Emmanuel Macron est intervenu au titre de la présidence française du Conseil de l’Union européenne le 16 février, à Toulouse, sur la « souveraineté des souverainetés, l’espace ». Une prise de parole en marge de la réunion des ministres des États membres chargés de l’espace sur deux projets révélés la veille par l’Union européenne (UE), un système de connectivité par satellite et la gestion du trafic spatial.

La constellation de satellites made in Europe

C’est l’une des marottes de Thierry Breton, Commissaire européen responsable de l’espace : une constellation européenne pour répondre à Starlink d’Elon Musk, Kuiper de Jeff Bezos, OneWeb… Le projet qu’il a lancé en décembre 2020 a dévoilé ses contours le 15 février.

Cette constellation promet un accès continu à des services de télécommunications par satellites sécurisés avec les dernières technologies de communication quantique. Il propose également pour les entreprises et les citoyens du continent, en Afrique, ou aux pôles, des connexions modernes, fiables et rapides, y compris dans les zones mortes.

Pour Emmanuel Macron, pas de doute, « L’Europe doit prendre sa part dans la révolution des constellations. C’est une question de souveraineté et d’efficacité ». Le président français a salué une « une proposition ambitieuse » et révélé le lancement d’appel d’offres dans le cadre de France 2030 pour deux projets en la matière, « l’un sur les services en orbite et l’un sur les projets de constellation de ruptures ».

Le coût total du service est estimé à 6 milliards d’euros, pris en charge par l’UE, les États membres, l’Agence spatiale européenne (ESA) et le secteur privé. En plus des arguments de souveraineté, des avantages technologiques, pour la recherche et la géopolitique européenne, la Commission s’attend avec le développement de cette nouvelle infrastructure à « une valeur ajoutée brute comprise entre 17 et 24 milliards d’euros, et créerait des emplois dans l’industrie spatiale de l’Union ».

Un RGPD de la gestion du trafic spatial ?

L’autre grand volet de cette journée a été la gestion du trafic spatial. Cette question est d’une brûlante actualité : avec la multiplication des lancements à moindres coûts, la multiplication des satellites en orbite, de 4 550 aujourd’hui à 20 000 d’ici dix ans, l’accumulation de débris spatiaux, 34 000 de plus de 10cm, 900 000 entre 1 et 10 cm et les menaces de sécurité entre satellites, l’engorgement pointe.

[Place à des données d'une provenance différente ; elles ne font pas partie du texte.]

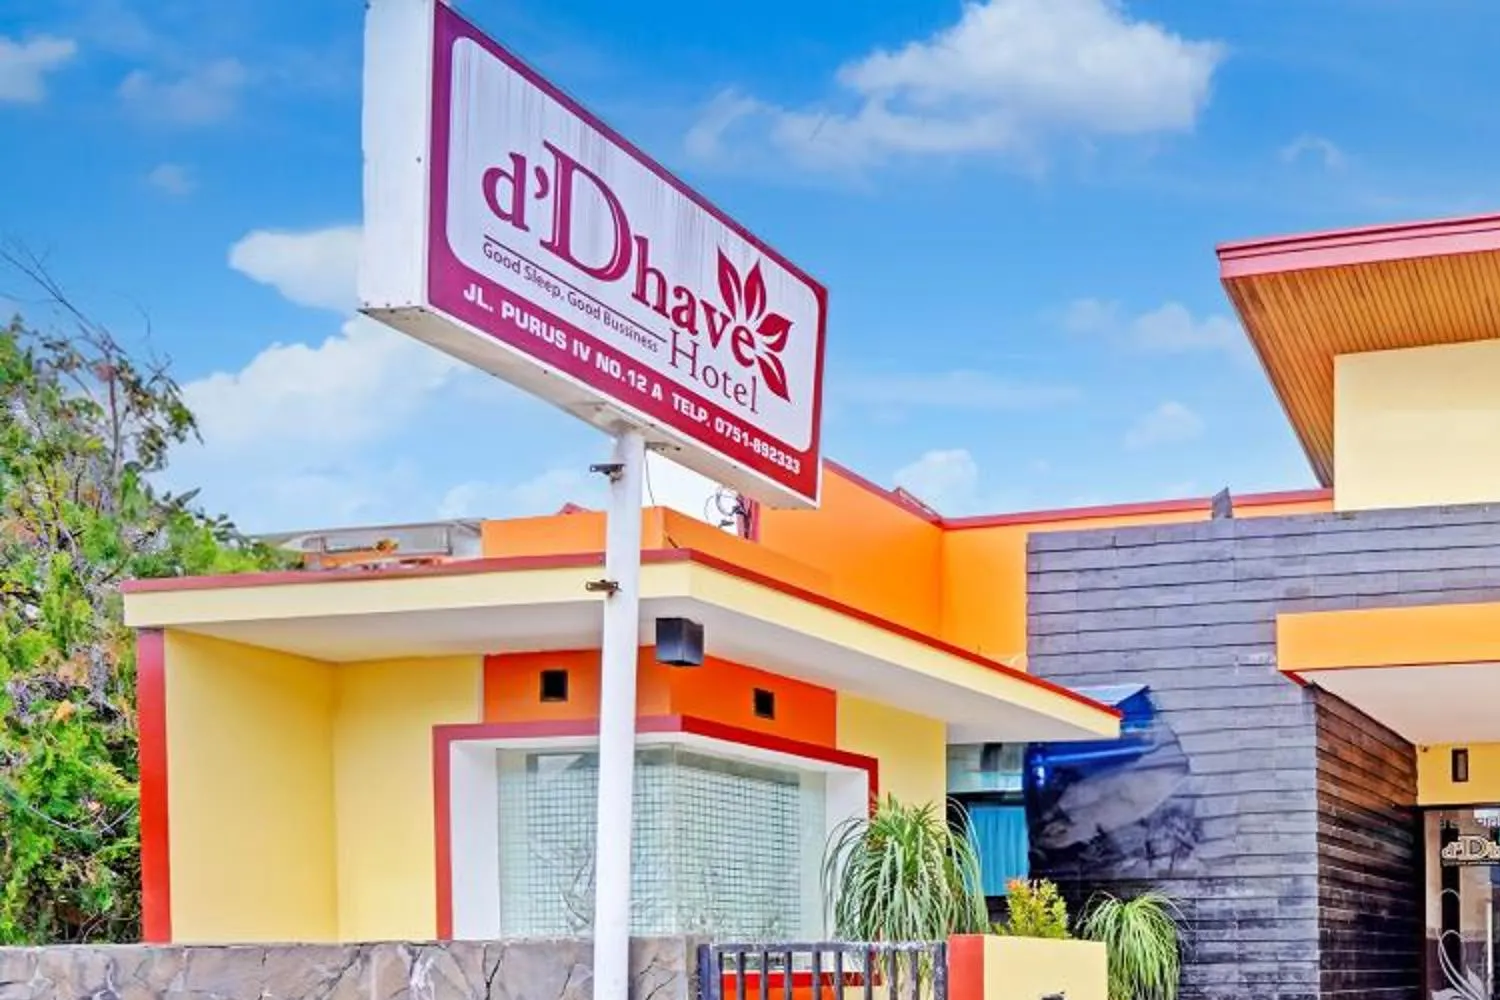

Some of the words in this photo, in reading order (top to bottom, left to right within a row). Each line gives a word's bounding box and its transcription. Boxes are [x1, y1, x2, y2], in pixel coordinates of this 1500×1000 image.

[482, 241, 521, 275] Good
[567, 291, 600, 321] Good
[603, 311, 659, 353] Bussiness
[463, 283, 494, 313] JL.
[501, 300, 568, 351] PURUS
[572, 339, 591, 362] IV
[651, 383, 663, 401] A
[672, 393, 711, 428] TELP.
[714, 416, 800, 475] 0751-892333
[669, 328, 758, 414] Hotel

L’Europe dispose de son système de suivi des objets en orbite depuis 2016, l’EU Space Surveillance and Tracking, qu’elle souhaite renforcer technologiquement. L’autre aspiration est réglementaire. Le but est de sortir d’une logique commerciale ou de puissance pour éviter d’en faire une « zone de non-droit », dixit Emmanuel Macron.

graphique sur les risques de collisions satellites

Source : EU SST

Le futur cadre de réglementation spatiale, destiné à l’UE, peut servir de base à négociation internationale. Le président français espère qu’à l’image de l’action de l’Europe dans le numérique, référence au RGPD, la réglementation européenne inspire le reste du monde.

La place de l’UE dans l’espace

Ces deux propositions vont être soumises au Parlement européen et aux États membres afin d’être intégrées à la « boussole stratégique » de l’UE en vue de 2030. Emmanuel Macron en a profité pour s’exprimer plus largement sur l’horizon étoilé du continent.

Le président français a réaffirmé la nécessité d’une préférence européenne pour les lancements de satellites, c’est-à-dire pour Ariane 5, Vega et surtout la future Ariane 6. Un sujet qui a donné lieu à quelques tensions entre les pays européens partenaires.

Surtout Emmanuel Macron a tenu à ce que l’Europe « assume sa part de rêve » dans sa vision de l’espace. Avec un certain lyrisme, le président de la République a mis en avant la place de la recherche fondamentale dans le projet spatial européen en oppositions avec les acteurs privés du « New Space », « pour nous européen le modèle spatial viable n’est pas celui de l’exploitation, n’est pas celui de l’augmentation du nombre de tourismes spatiaux pour des milliers voire des millions de dollars, pas plus que le seul horizon est l’exploitation minière de la lune ». En réalité, les initiatives spatiales européennes privées et commerciales sont très vivement encouragées.

Enfin reste les grandes orientations : l’avenir de la station spatiale internationale, censée achever sa carrière en 2024, sans stations pour la remplacer, le retour la Lune, l’arrivée sur Mars. La Chine et les États-Unis ont déjà des projets bien arrêtés sur ces sujets, l’Europe doit encore prendre position. Comme le dit Emmanuel Macron, « L’agenda spatial est chargé ».